Los trabajos de construcción de la carretera Jacagua-Palo Alto tienen diez meses paralizados y apenas faltan ocho kilómetros pasa su terminación, lo que ha provocado el anuncio de protestas a partir del lunes en calles céntricas de Santiago.
El sacerdote Nino Ramos, campesinos y comunitarios de varias localidades de la cordillera Septentrional libran desde hace años una intensa lucha en busca de la construcción de esa carretera, la cual fue prometida por el presidente Danilo Medina.
El 30 de marzo del 2017, una comisión encabezada por el padre Nino fue recibida por el presidente Medina durante una visita a Santiago y, de acuerdo al religioso, el mandatario prometió que la carretera se iba a hacer «rápido y bien hecha».
Fue el ministro José Ramón Fadul (Monchi) que intervino para que el grupo encabezado por el padre Ramos hablara con el presidente Medina, luego de que se llevaran a cabo varias protestas en calles céntricas de la ciudad de Santiago.
En una intervención en el programa El Patrón de la Tarde, de 4:30 a 7:00 de la noche por la emisora La Bakana 105.9 FM, el sacerdote Nino Ramos reveló que: ahora «Monchi Fadul ni me levanta el teléfono».
El martes de esta semana el padre Nino y los campesinos y comunitarios de esas zonas de la cordillera Septentrional realizaron una rueda de prensa en el Santuario de la Altagracia (parroquia la Altagracia) para anunciar las nuevas protestas que realizarán.

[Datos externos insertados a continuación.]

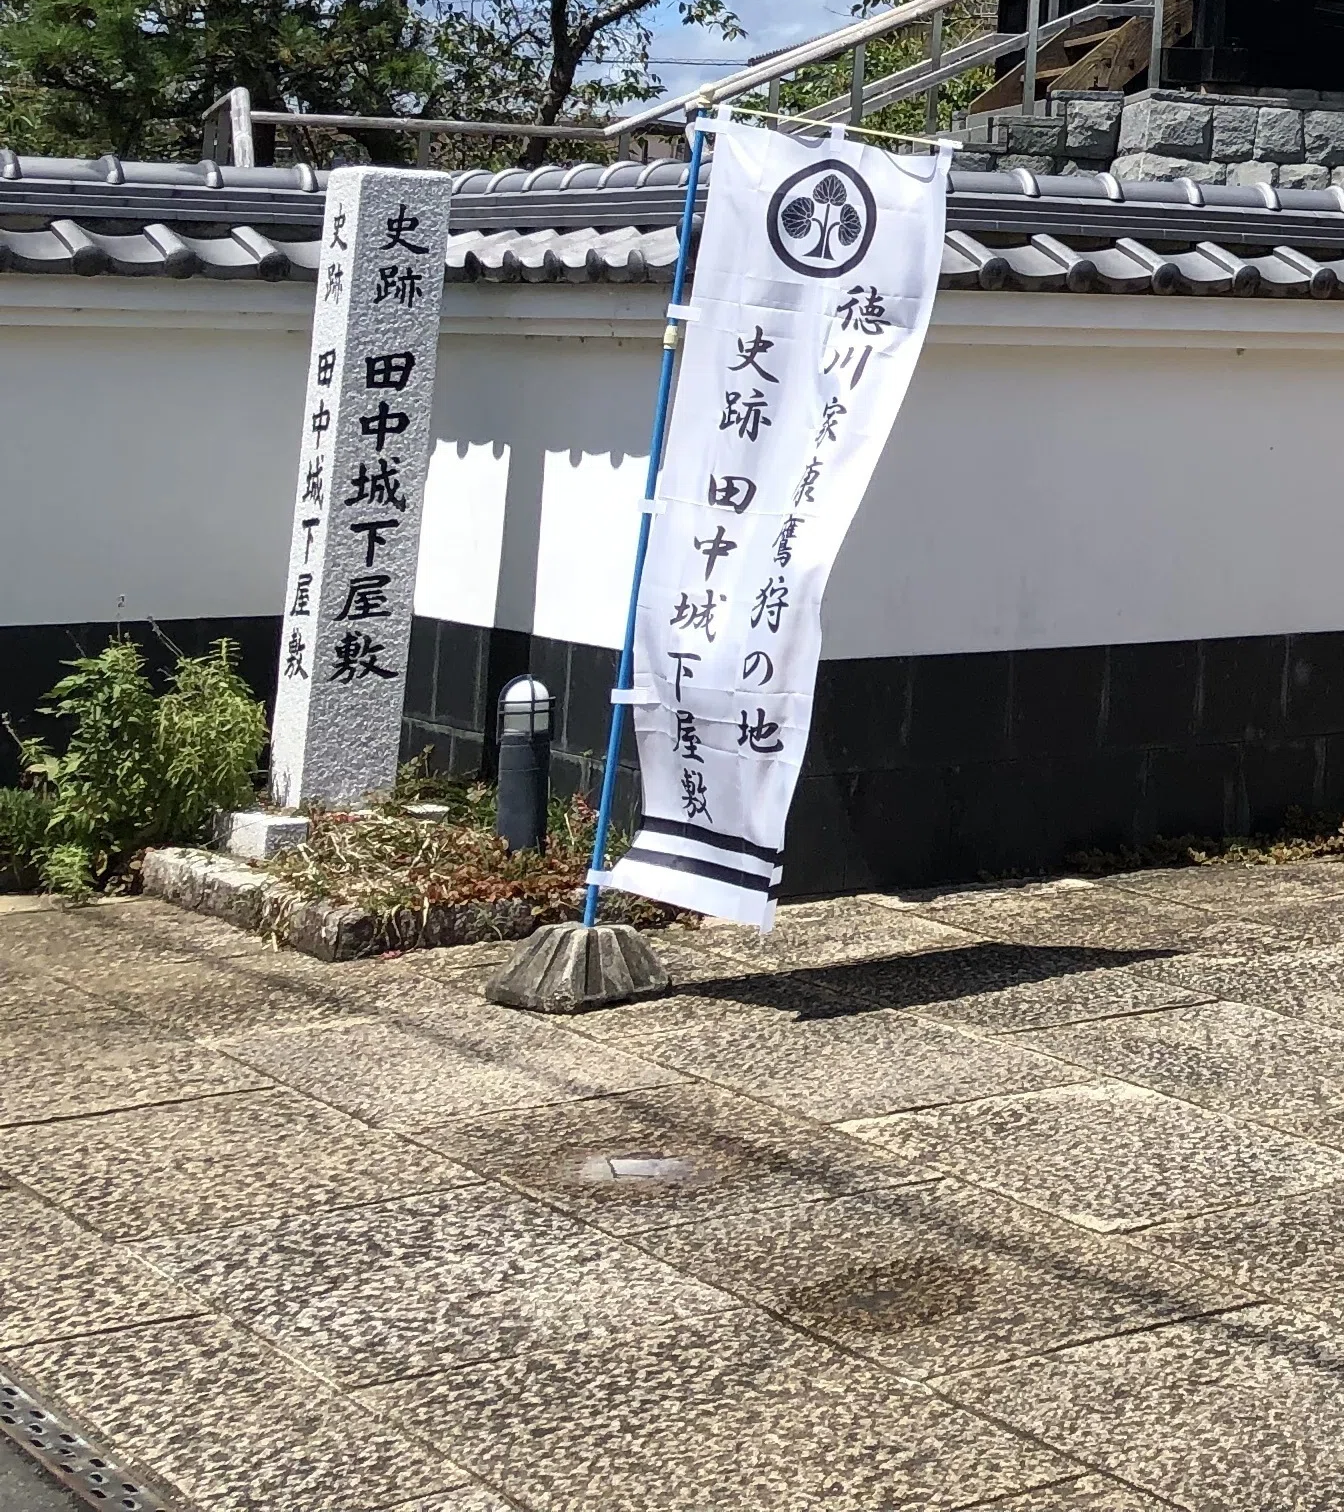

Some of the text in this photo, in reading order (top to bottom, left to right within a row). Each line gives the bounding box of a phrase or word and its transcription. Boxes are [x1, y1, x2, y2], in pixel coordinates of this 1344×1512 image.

[284, 203, 348, 682] 史跡 田中城下屋敷
[329, 204, 429, 684] 史跡 田中城下屋敷
[668, 325, 780, 824] 史跡 田中城下屋敷

De acuerdo al religioso, empiezan el próximo lunes con una marcha por calles céntricas de la ciudad que terminará en la Gobernación Provincial «y habrá diferentes tipos de protestas hasta lograr que se terminen los trabajos de construcción de la carretera».
«Iniciamos con esta caminata por Santiago que terminará en la Gobernación, pero prevemos que nuestras caminatas llegarán hasta a paralizar la autopista Duarte u otras actividades más fuertes como caminar hacia Santo Domingo», dice Ramos.
El padre Nino admite que no ha hablado con el senador Julio César Valentín sobre la demanda que hacen porque lo hizo directamente con el presidente Danilo Medina y fue un compromiso con el ex-ministro de Obras Públicas, Gonzalo Castillo.
Aún así, el senador Valentín y la gobernadora de Santiago, Ana María Domínguez, deberían de intervenir en esas horas para tratar de evitar esas protestas que crean un gran desorden en el centro de la ciudad.
Al padre Nino Ramos se le conoce como un religioso que «no le teme a nada» cuando se lanza a las calles a protestar en reclamo de que se resuelva algún problema comunitario y en más de una ocasión ha sido maltratado físicamente por agentes policiales.